Originally, I thought I would have a longer career in the military. My plan was to stay for six years, but I also wanted to become a physical therapist. After thinking about it and talking it over with my husband, I realized that I wanted to go to school for PT.
I found out about Touro from one of my friends from my undergraduate institution who is a third year student in the PT program. He really loves Touro and I wanted to make sure it was a great fit for me. He talked about the faculty and how much they want the students to succeed, so I decided to make it my school.
What do you enjoy about Touro?
I like the smaller cohort because I feel that we get to know each other better. The faculty really pay attention to us, and I think that’s a huge factor. You can tell they want us to succeed. If the program had a much bigger cohort, I don’t think it would be the same.
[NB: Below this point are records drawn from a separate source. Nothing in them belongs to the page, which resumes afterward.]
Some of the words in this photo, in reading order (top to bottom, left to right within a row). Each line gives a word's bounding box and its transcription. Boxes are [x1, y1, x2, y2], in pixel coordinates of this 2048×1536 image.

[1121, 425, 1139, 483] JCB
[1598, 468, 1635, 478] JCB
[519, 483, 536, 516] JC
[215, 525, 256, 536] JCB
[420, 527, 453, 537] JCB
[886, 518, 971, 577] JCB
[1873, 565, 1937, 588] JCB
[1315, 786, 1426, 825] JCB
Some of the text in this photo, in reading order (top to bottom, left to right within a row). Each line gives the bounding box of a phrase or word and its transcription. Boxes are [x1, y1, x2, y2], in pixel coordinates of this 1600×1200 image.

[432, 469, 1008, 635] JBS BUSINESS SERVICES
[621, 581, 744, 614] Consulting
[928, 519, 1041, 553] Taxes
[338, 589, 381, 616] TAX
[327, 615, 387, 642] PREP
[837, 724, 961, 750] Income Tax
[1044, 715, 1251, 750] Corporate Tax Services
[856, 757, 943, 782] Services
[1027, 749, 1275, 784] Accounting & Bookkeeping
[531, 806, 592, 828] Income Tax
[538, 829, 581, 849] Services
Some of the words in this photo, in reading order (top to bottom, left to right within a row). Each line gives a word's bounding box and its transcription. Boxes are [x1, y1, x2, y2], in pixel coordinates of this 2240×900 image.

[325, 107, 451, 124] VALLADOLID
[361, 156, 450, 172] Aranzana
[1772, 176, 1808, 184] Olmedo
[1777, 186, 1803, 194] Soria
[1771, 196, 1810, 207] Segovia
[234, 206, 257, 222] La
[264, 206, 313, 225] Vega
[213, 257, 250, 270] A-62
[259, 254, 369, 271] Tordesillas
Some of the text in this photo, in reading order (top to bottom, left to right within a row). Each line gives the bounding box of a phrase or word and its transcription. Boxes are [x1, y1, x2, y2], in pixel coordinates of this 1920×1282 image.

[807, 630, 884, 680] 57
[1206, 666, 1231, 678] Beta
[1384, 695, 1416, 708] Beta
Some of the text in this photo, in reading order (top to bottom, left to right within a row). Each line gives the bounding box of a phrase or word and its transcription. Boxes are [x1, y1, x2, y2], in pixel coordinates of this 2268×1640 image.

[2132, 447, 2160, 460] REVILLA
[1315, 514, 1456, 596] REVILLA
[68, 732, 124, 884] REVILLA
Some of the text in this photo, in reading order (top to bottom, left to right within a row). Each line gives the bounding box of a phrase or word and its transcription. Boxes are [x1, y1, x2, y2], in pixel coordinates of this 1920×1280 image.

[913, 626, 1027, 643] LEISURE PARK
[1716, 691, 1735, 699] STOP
How do you think your military experience will help you become an exceptional physical therapist?
I think the military helped me immensely. In the Air Force, we had to take a proficiency exam every three months; and every month we had a proficiency performance. We had to constantly be on top of our knowledge and always studied, which has really helped me in PT school.
Being in charge of the nuclear side of the military, we had to think about the big picture. That’s something that helped me with studying. I tend to focus more on big picture concepts which has helped me focus my attention.
I remember one time when I was super relaxed before a test and my classmates pointed out that I didn’t seem as stressed as they were. I told them, “Don’t get me wrong, I am stressed; but it’s not like we’re working with nuclear weapons.” I have that previous life experience to fall back on. There are some times when I’m stressed out, but in the end, I know that everything’s going to be ok.
What are your plans after graduation?
I want to work with veterans in some capacity. What I want to focus on is not just getting them back to walking, but helping to return them to where they were before. That’s a huge thing for someone who experiences a traumatic injury.
I’ve considered going into the Reserves, but I’m not really sure. I’m so used to that military structure but I’m also enjoying my civilian freedom.